Data entries
Start of Block

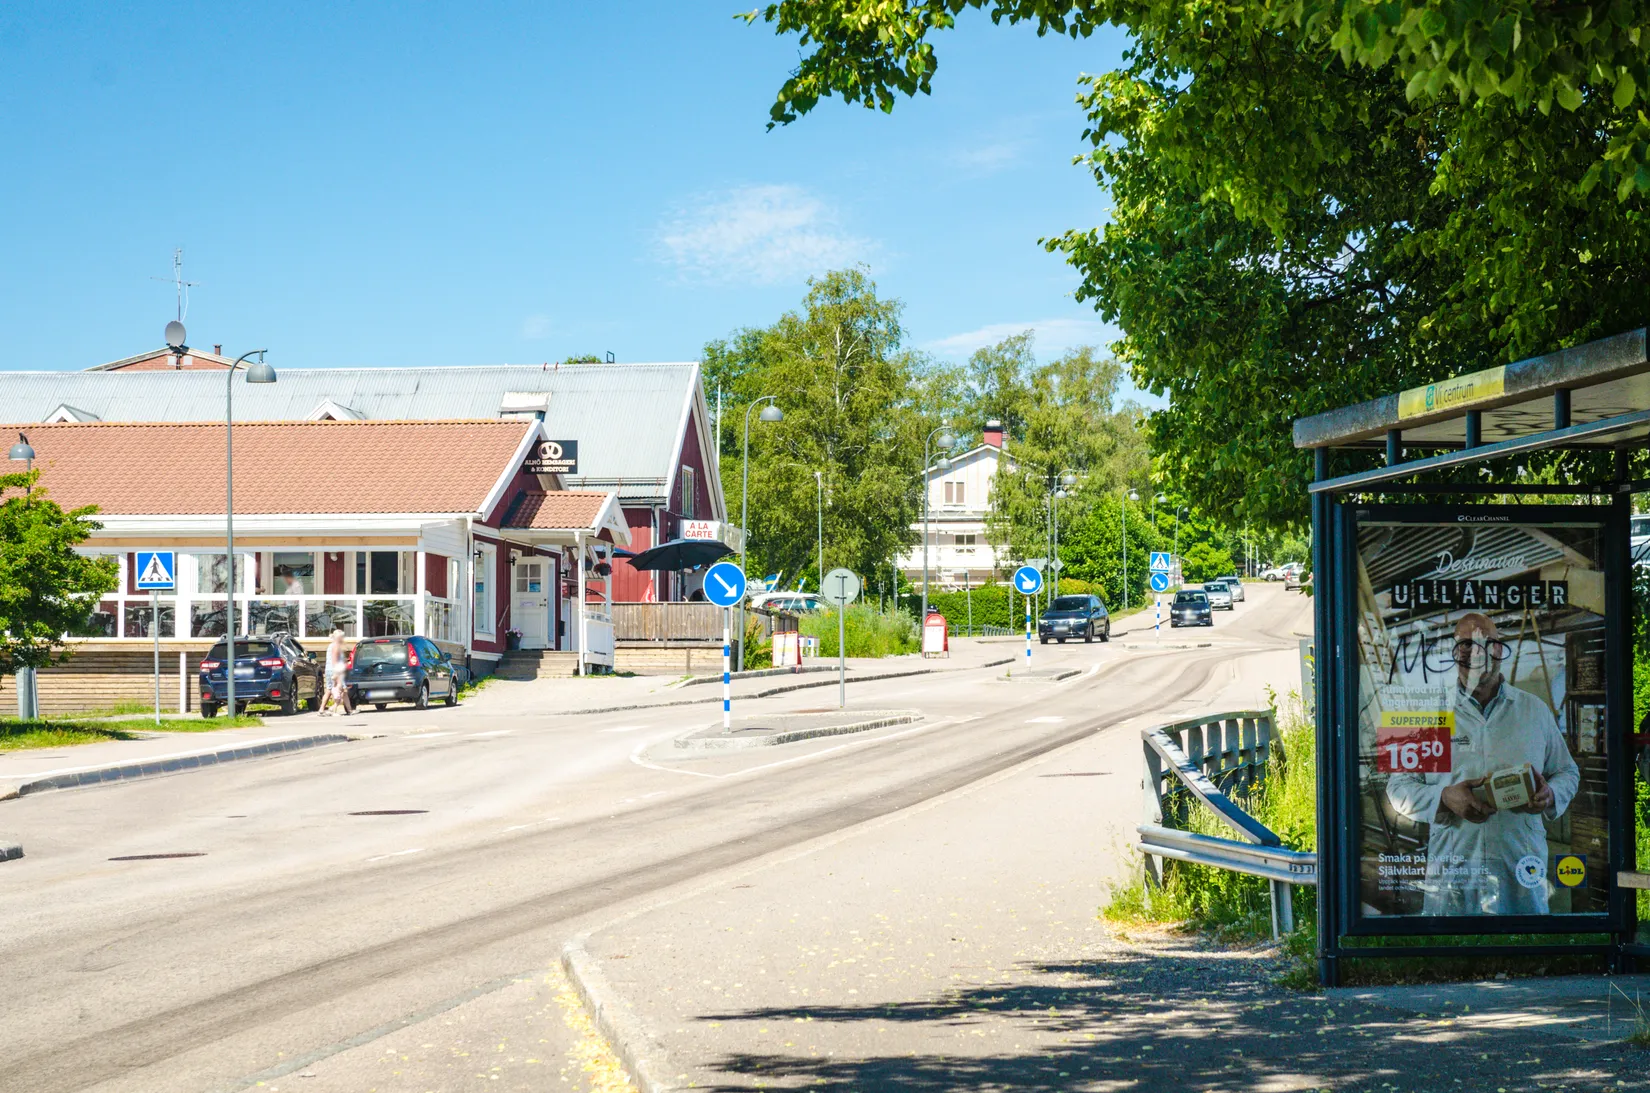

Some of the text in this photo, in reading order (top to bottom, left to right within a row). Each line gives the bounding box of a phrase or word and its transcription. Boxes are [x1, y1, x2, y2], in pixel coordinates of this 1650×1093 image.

[1444, 382, 1474, 403] centrum
[690, 522, 709, 530] A LA
[685, 530, 713, 539] CARTE
[1436, 550, 1525, 573] Destination
[1394, 581, 1566, 605] ULLÅNGER
[1390, 716, 1447, 726] SUPERPRIS!
[1378, 853, 1468, 865] Smaka på Sverige.
[1378, 865, 1425, 877] Självklart
[1442, 865, 1469, 875] bästa
[1470, 865, 1492, 878] pris.
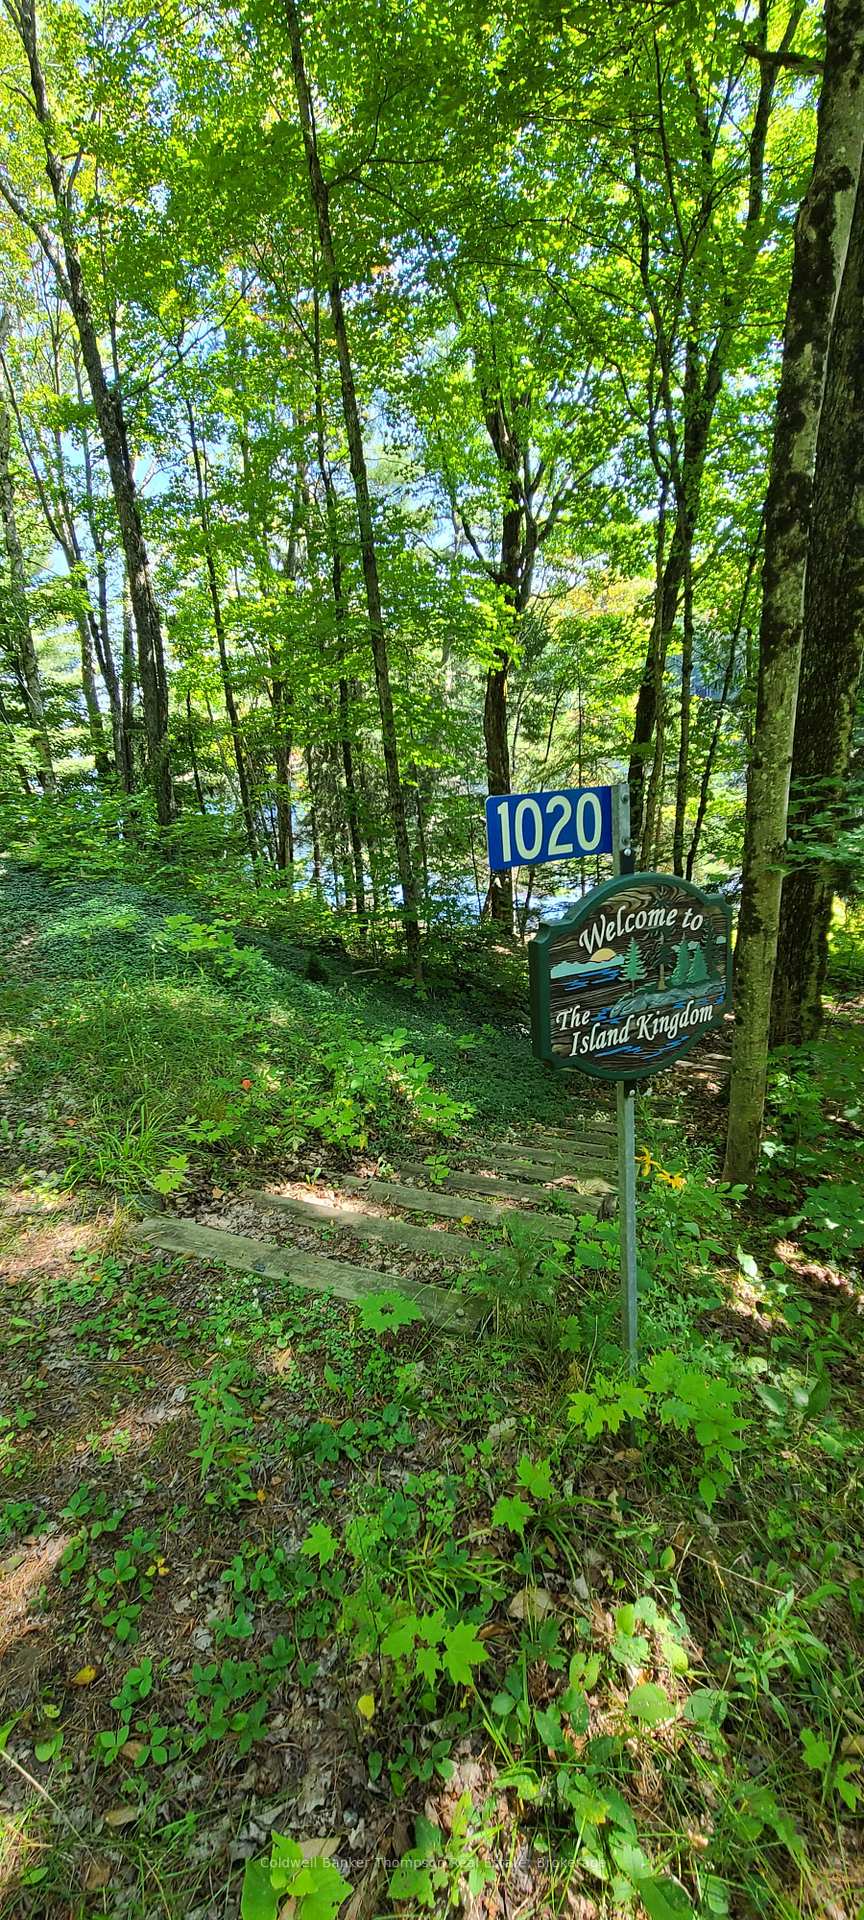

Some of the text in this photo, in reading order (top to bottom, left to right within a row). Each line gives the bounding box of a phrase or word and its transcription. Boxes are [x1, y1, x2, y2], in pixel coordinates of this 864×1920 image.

[497, 792, 602, 862] 1020
[579, 905, 704, 954] Welcome to
[556, 1005, 591, 1031] The
[569, 1000, 713, 1057] Island Kingdom

End of Block

*WORK INSTRUCTION*
Generate a word-for-word copy of the preceding records, excluding all pictures.

*PROBLEM SOLUTION*
Some of the text in this photo, in reading order (top to bottom, left to right within a row). Each line gives the bounding box of a phrase or word and its transcription. Boxes are [x1, y1, x2, y2], in pixel coordinates of this 1650×1093 image.

[1444, 382, 1474, 403] centrum
[690, 522, 709, 530] A LA
[685, 530, 713, 539] CARTE
[1436, 550, 1525, 573] Destination
[1394, 581, 1566, 605] ULLÅNGER
[1390, 716, 1447, 726] SUPERPRIS!
[1378, 853, 1468, 865] Smaka på Sverige.
[1378, 865, 1425, 877] Självklart
[1442, 865, 1469, 875] bästa
[1470, 865, 1492, 878] pris.

Some of the text in this photo, in reading order (top to bottom, left to right within a row). Each line gives the bounding box of a phrase or word and its transcription. Boxes are [x1, y1, x2, y2], in pixel coordinates of this 864×1920 image.

[497, 792, 602, 862] 1020
[579, 905, 704, 954] Welcome to
[556, 1005, 591, 1031] The
[569, 1000, 713, 1057] Island Kingdom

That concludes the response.